The latest research shows you should do both because these strategies will bolster your well-being, decrease anxiety, and even help you live longer. Here’s why certain kinds of celebrations are so good for you…
Celebrations are good for you. Not just for the emotional boost that comes as they take place, but also for their long-term effects. The reason, so the theory goes, is because they make an individual feel other people are there for them and will support them if troubled times lie ahead.
But this will only be the case, it’s further theorized, if they’re carried out with three conditions in place. If any one of them is missing, the health rewards won’t be forthcoming.
Congratulations are key
Researchers from Indiana University used behavioral experiments to survey thousands of participants over several years. They found celebrations do increase social support, but only if three conditions are in place. The celebrations must include:
- A social gathering
- Eating or drinking
- Intentionally marking a positive life event or achievement, such as a birthday, anniversary, etc.

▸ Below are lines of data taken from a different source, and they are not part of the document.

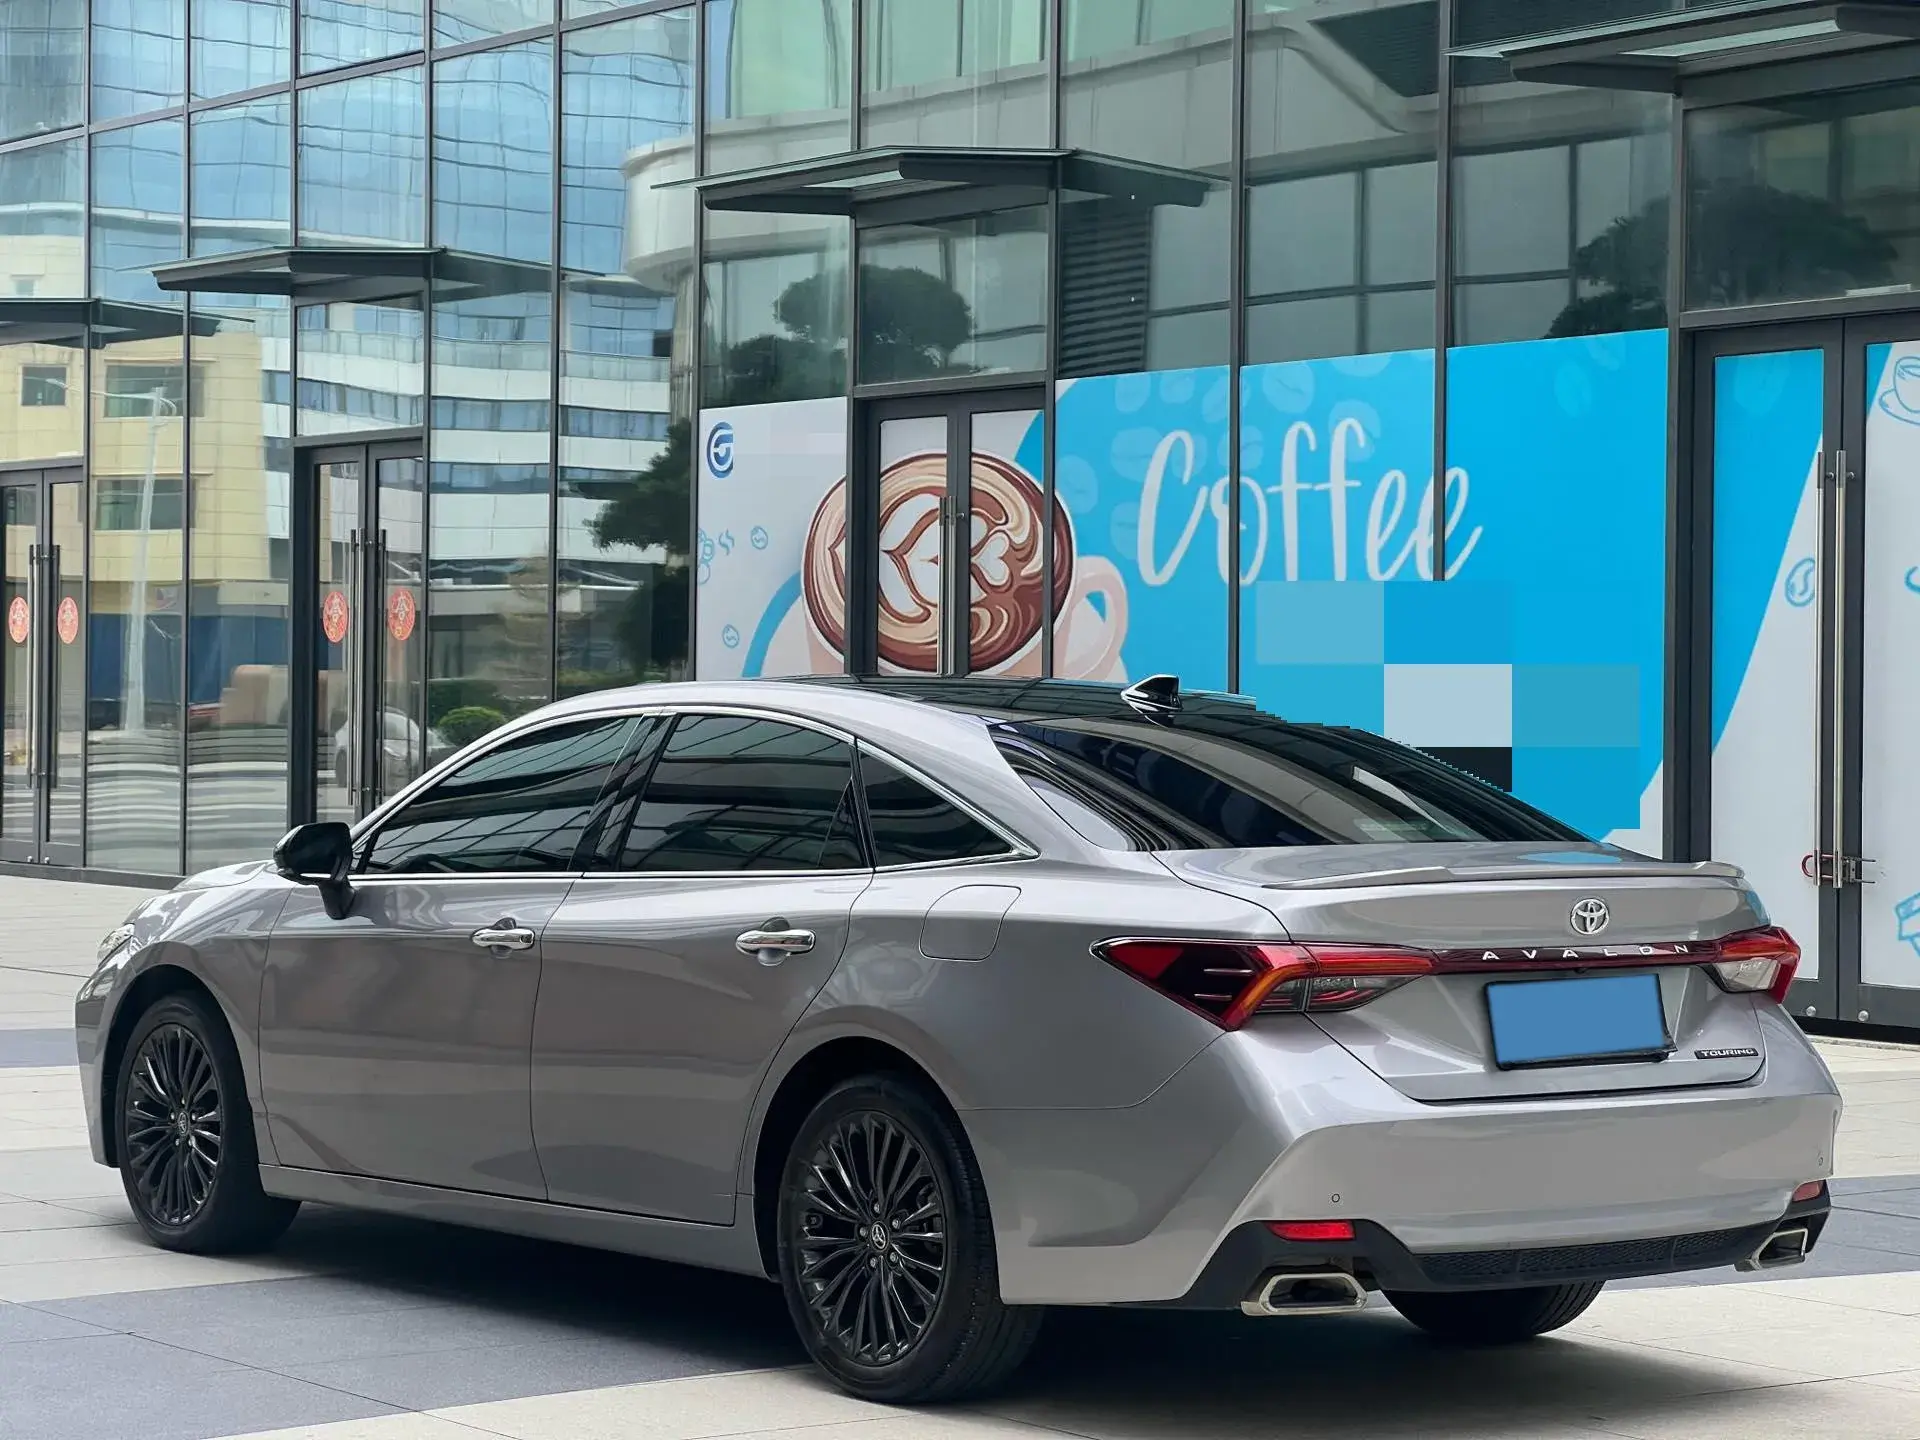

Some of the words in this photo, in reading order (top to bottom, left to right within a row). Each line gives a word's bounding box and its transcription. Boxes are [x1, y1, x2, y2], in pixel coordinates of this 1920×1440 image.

[1137, 417, 1483, 586] Coffee
[1482, 944, 1689, 961] AVALON
[1701, 1048, 1754, 1057] TOURING
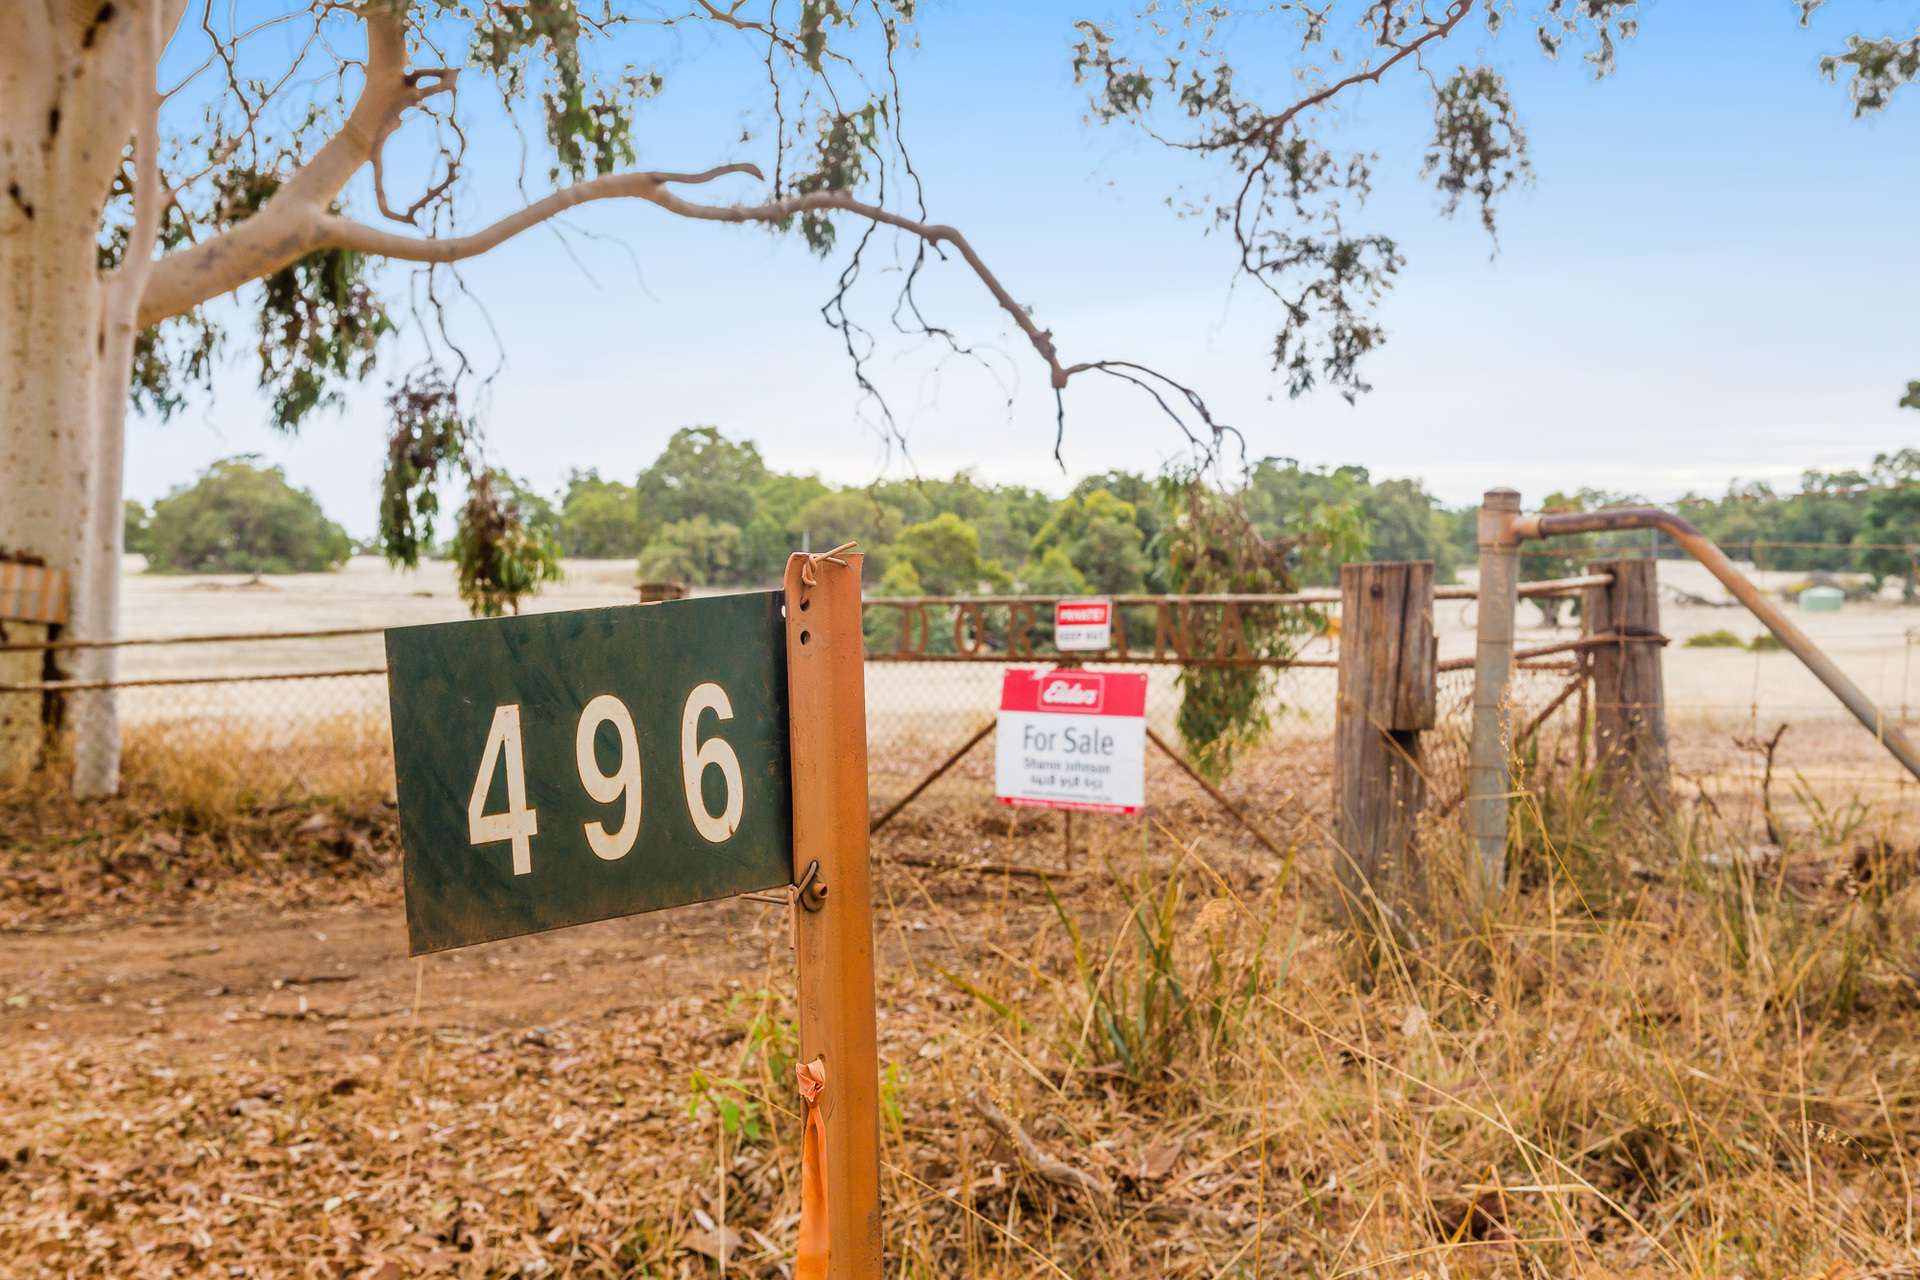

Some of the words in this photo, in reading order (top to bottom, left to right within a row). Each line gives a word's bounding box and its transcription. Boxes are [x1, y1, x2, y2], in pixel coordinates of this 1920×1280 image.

[897, 598, 1250, 660] DORANA
[1023, 725, 1057, 752] For
[1063, 726, 1114, 756] Sale
[468, 681, 744, 876] 496
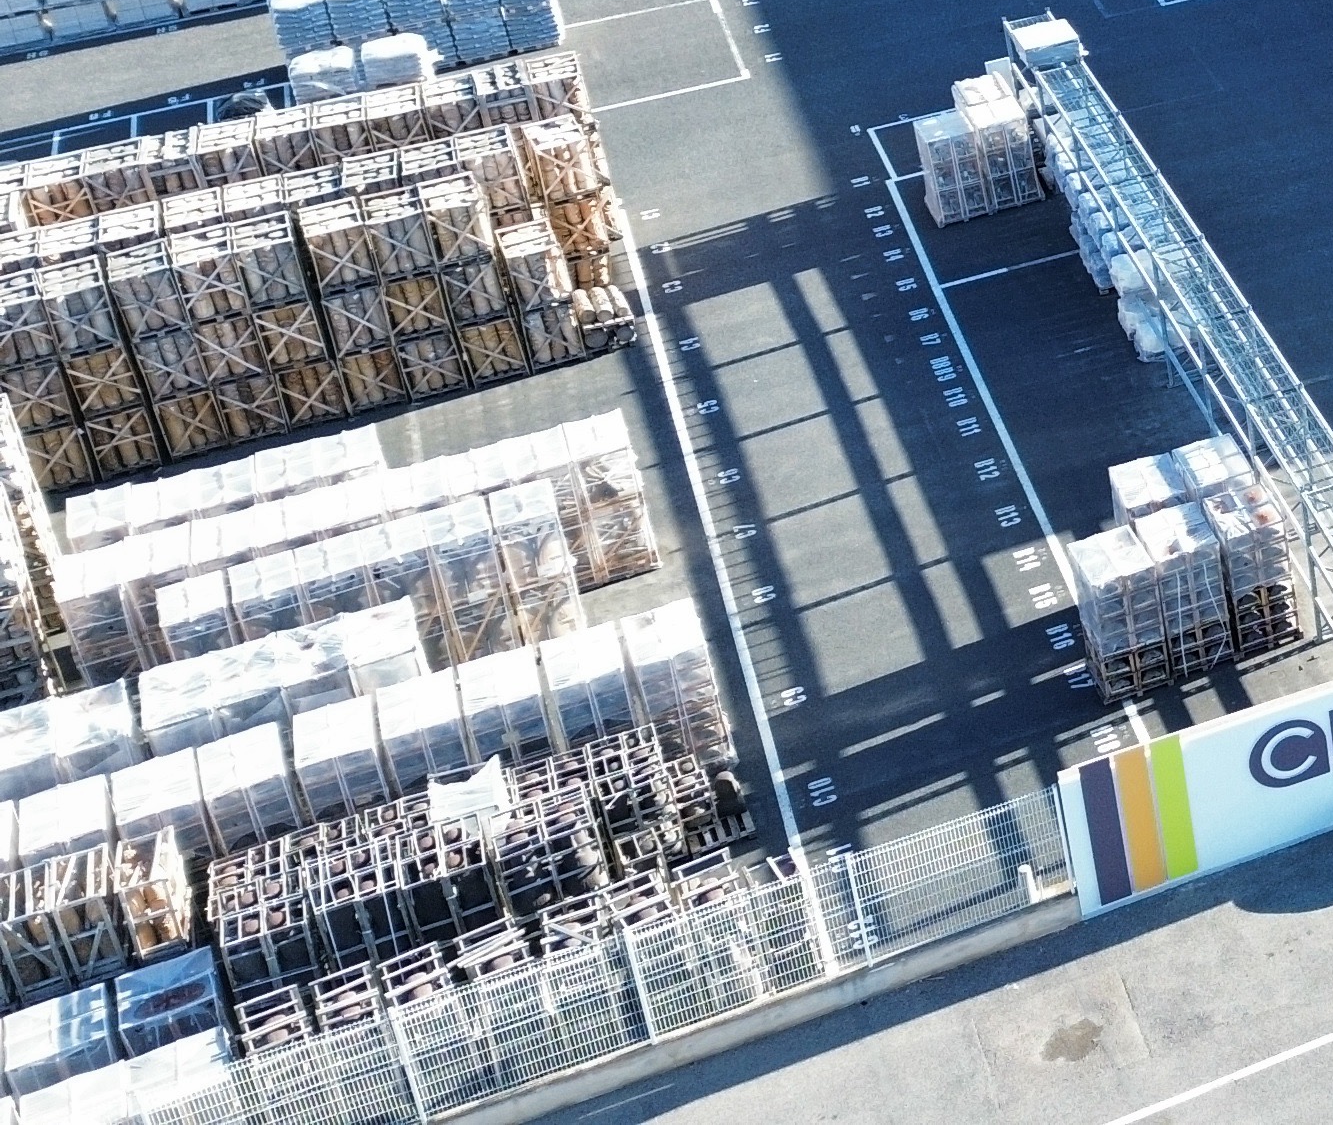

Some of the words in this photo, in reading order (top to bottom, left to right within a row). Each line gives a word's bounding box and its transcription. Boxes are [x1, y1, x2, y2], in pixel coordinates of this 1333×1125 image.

[864, 205, 885, 219] B2
[872, 225, 893, 239] B3
[882, 248, 905, 263] B4
[661, 279, 684, 294] C3
[895, 277, 917, 293] B5
[908, 307, 930, 322] B6
[678, 336, 701, 352] C4
[919, 332, 942, 346] B7
[942, 386, 968, 408] B10
[697, 399, 720, 415] C5
[956, 416, 981, 437] B11
[717, 468, 741, 485] C6
[973, 457, 1000, 482] B12
[994, 504, 1022, 528] B13
[733, 524, 757, 540] C7
[1012, 546, 1041, 572] B14
[1028, 582, 1058, 610] B15
[1045, 623, 1076, 651] B16
[781, 686, 807, 707] C9
[807, 777, 838, 807] C10

The perceived social support this provides is linked with health and well-being outcomes, including decreased anxiety and depression, and increased lifespan. One member of the research team, Dr. Kelley Gullo Wight, had this to say about the findings which were published last December.
“Many celebrations this time of year include two of the three conditions – eating and drinking while gathering together. Adding the third condition, making an intentional effort to recognize others’ positive achievements, is key.
“For example, take the time to congratulate someone for getting accepted to their first-choice university, or a work project that went well, or a new job offer. This will maximize the benefits to your well-being and the well-being of all the attendees at that holiday party.”
Interestingly the research revealed that even if gatherings are virtual, so long as all three elements are in place, they also increase a person’s perceived social support and the same well-being benefits are received.
Take time for yourself
The Indiana team also published another study prior to Christmas to find out why people were reluctant to give themselves a treat during the busy holiday season.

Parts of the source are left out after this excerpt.